*Required action*.
Please restate each entry that appears below word for word, without its pictures.

*Input material*.
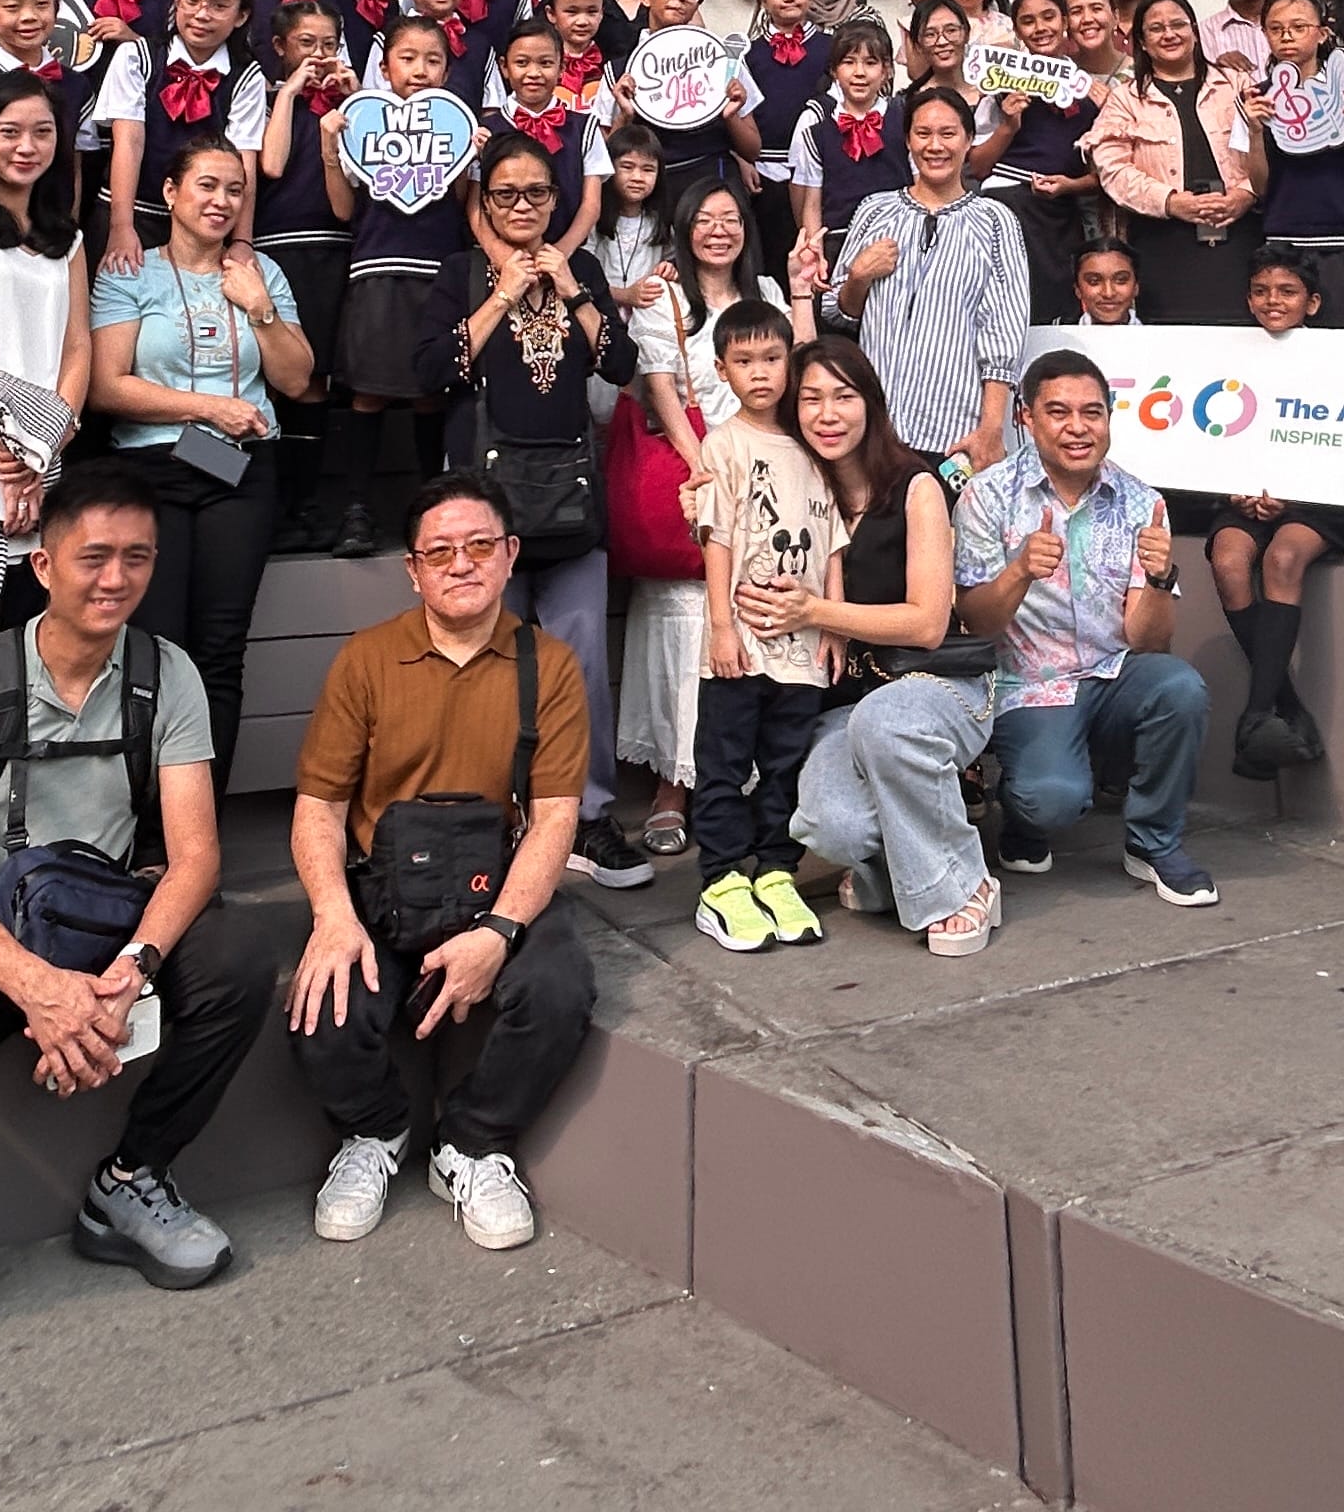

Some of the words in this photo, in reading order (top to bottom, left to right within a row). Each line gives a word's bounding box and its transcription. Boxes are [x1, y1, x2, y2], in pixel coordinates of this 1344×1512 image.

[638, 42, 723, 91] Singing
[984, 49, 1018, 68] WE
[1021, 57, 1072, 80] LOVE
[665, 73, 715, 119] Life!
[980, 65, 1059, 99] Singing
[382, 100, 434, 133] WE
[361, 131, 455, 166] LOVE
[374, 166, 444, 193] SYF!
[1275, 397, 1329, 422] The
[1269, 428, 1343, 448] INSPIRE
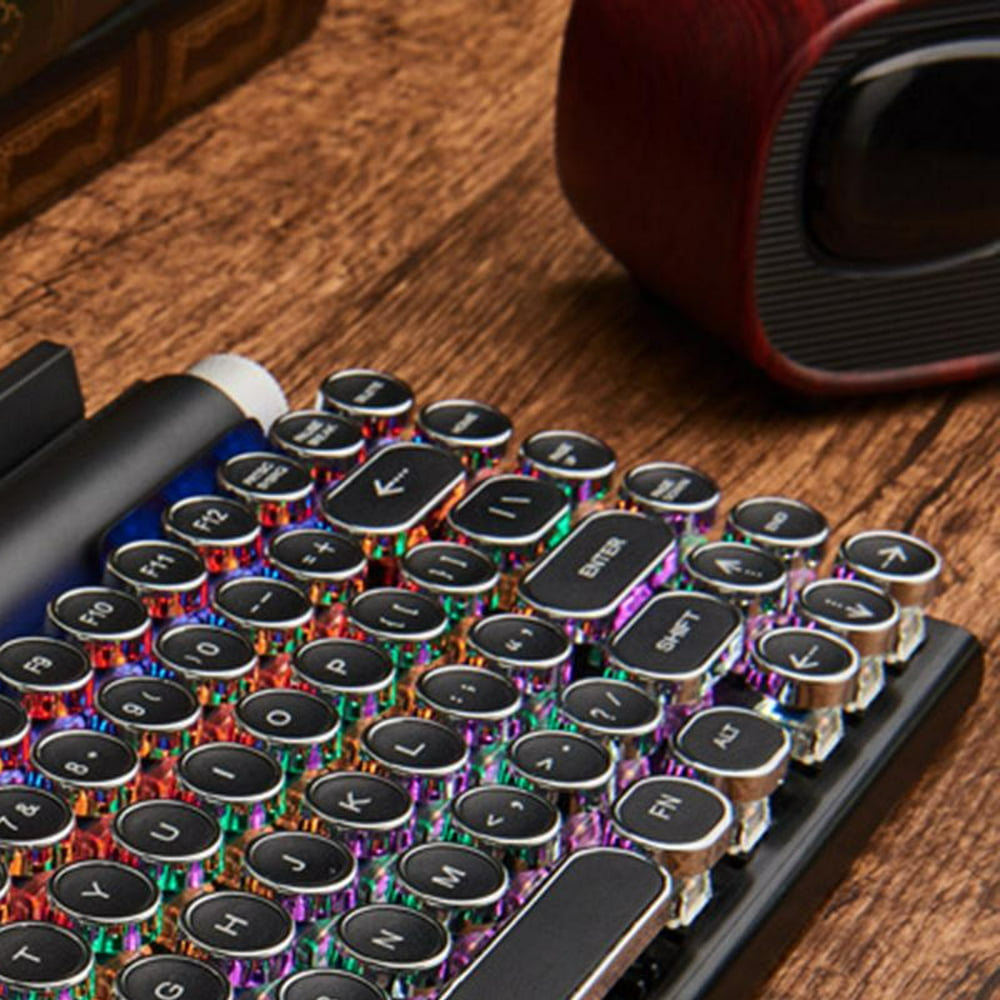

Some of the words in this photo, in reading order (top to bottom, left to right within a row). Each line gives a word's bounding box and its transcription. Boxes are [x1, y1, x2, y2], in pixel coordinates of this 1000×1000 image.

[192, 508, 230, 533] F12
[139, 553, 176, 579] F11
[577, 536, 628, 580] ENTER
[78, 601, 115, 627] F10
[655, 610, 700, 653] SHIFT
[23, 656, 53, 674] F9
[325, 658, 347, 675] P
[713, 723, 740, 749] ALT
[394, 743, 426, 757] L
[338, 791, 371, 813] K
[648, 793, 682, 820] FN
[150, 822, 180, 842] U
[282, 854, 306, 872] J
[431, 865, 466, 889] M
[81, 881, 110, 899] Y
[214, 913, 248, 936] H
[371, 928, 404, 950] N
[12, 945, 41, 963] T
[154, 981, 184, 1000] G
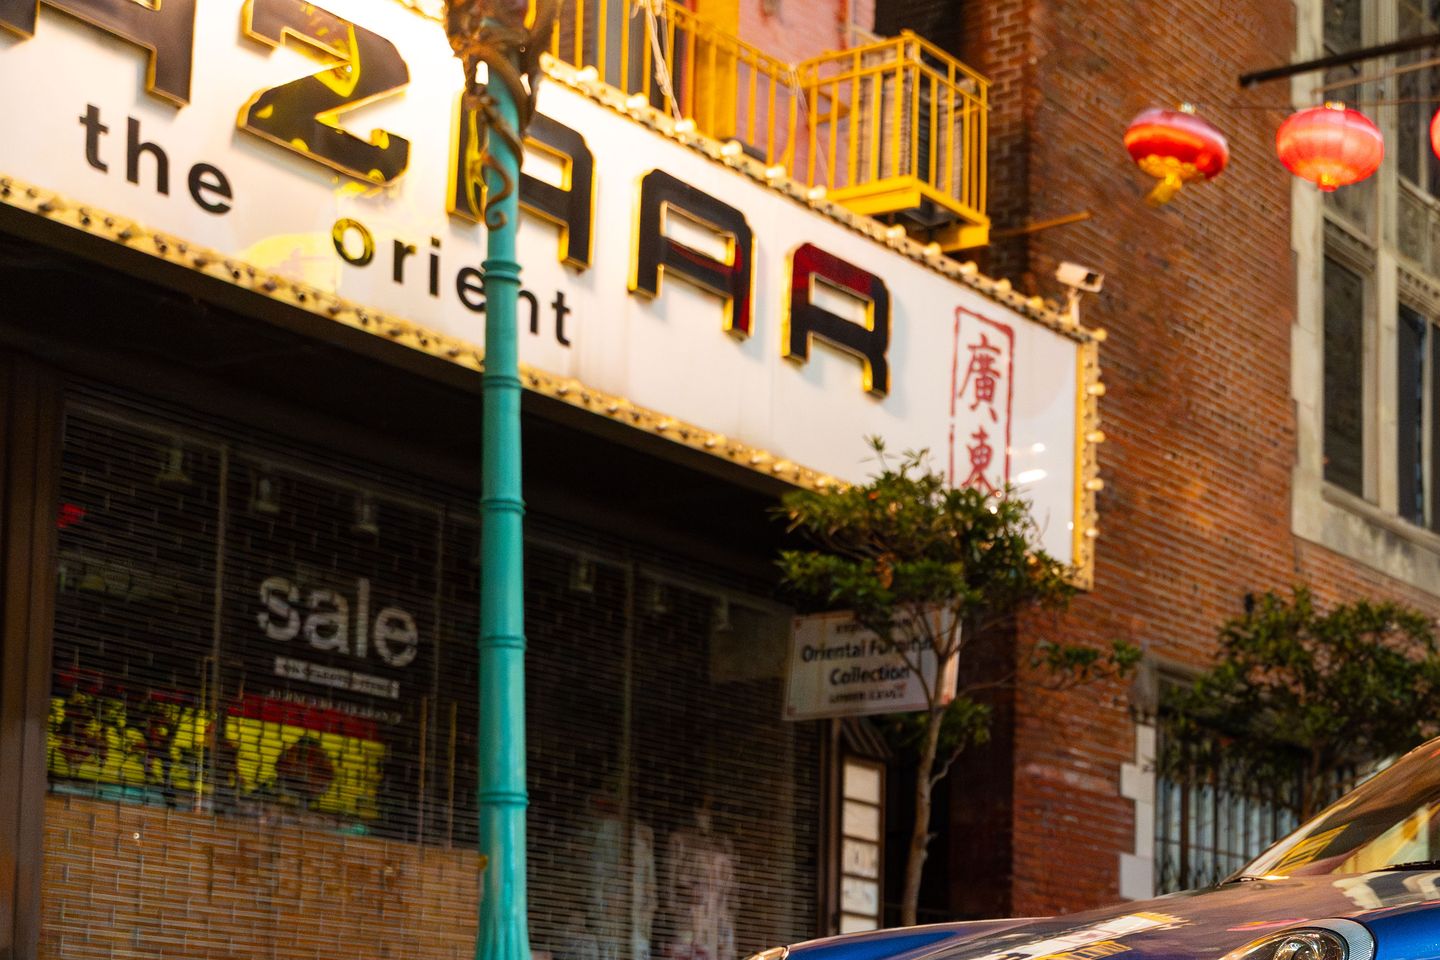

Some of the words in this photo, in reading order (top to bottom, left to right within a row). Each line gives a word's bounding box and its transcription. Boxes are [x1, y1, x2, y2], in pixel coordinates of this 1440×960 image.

*Task solution*.
Some of the words in this photo, in reading order (top to bottom, left to right within a row). Each line gives a word's bounding box and its transcription. Boxes are [x1, y1, x2, y2], in pixel coordinates of this 1344×1512 image.

[638, 42, 723, 91] Singing
[984, 49, 1018, 68] WE
[1021, 57, 1072, 80] LOVE
[665, 73, 715, 119] Life!
[980, 65, 1059, 99] Singing
[382, 100, 434, 133] WE
[361, 131, 455, 166] LOVE
[374, 166, 444, 193] SYF!
[1275, 397, 1329, 422] The
[1269, 428, 1343, 448] INSPIRE

Some of the words in this photo, in reading order (top to bottom, left to right within a row). Each line gives a word's bounding box and its transcription. Boxes are [x1, y1, x2, y2], in pixel coordinates of this 1000×1000 image.

[192, 508, 230, 533] F12
[139, 553, 176, 579] F11
[577, 536, 628, 580] ENTER
[78, 601, 115, 627] F10
[655, 610, 700, 653] SHIFT
[23, 656, 53, 674] F9
[325, 658, 347, 675] P
[713, 723, 740, 749] ALT
[394, 743, 426, 757] L
[338, 791, 371, 813] K
[648, 793, 682, 820] FN
[150, 822, 180, 842] U
[282, 854, 306, 872] J
[431, 865, 466, 889] M
[81, 881, 110, 899] Y
[214, 913, 248, 936] H
[371, 928, 404, 950] N
[12, 945, 41, 963] T
[154, 981, 184, 1000] G

Some of the words in this photo, in reading order (top to bottom, left to right within a row). Each line gives a word's bounding box and its transcription. Boxes are [x1, y1, x2, y2], in pixel coordinates of this 1440×960 image.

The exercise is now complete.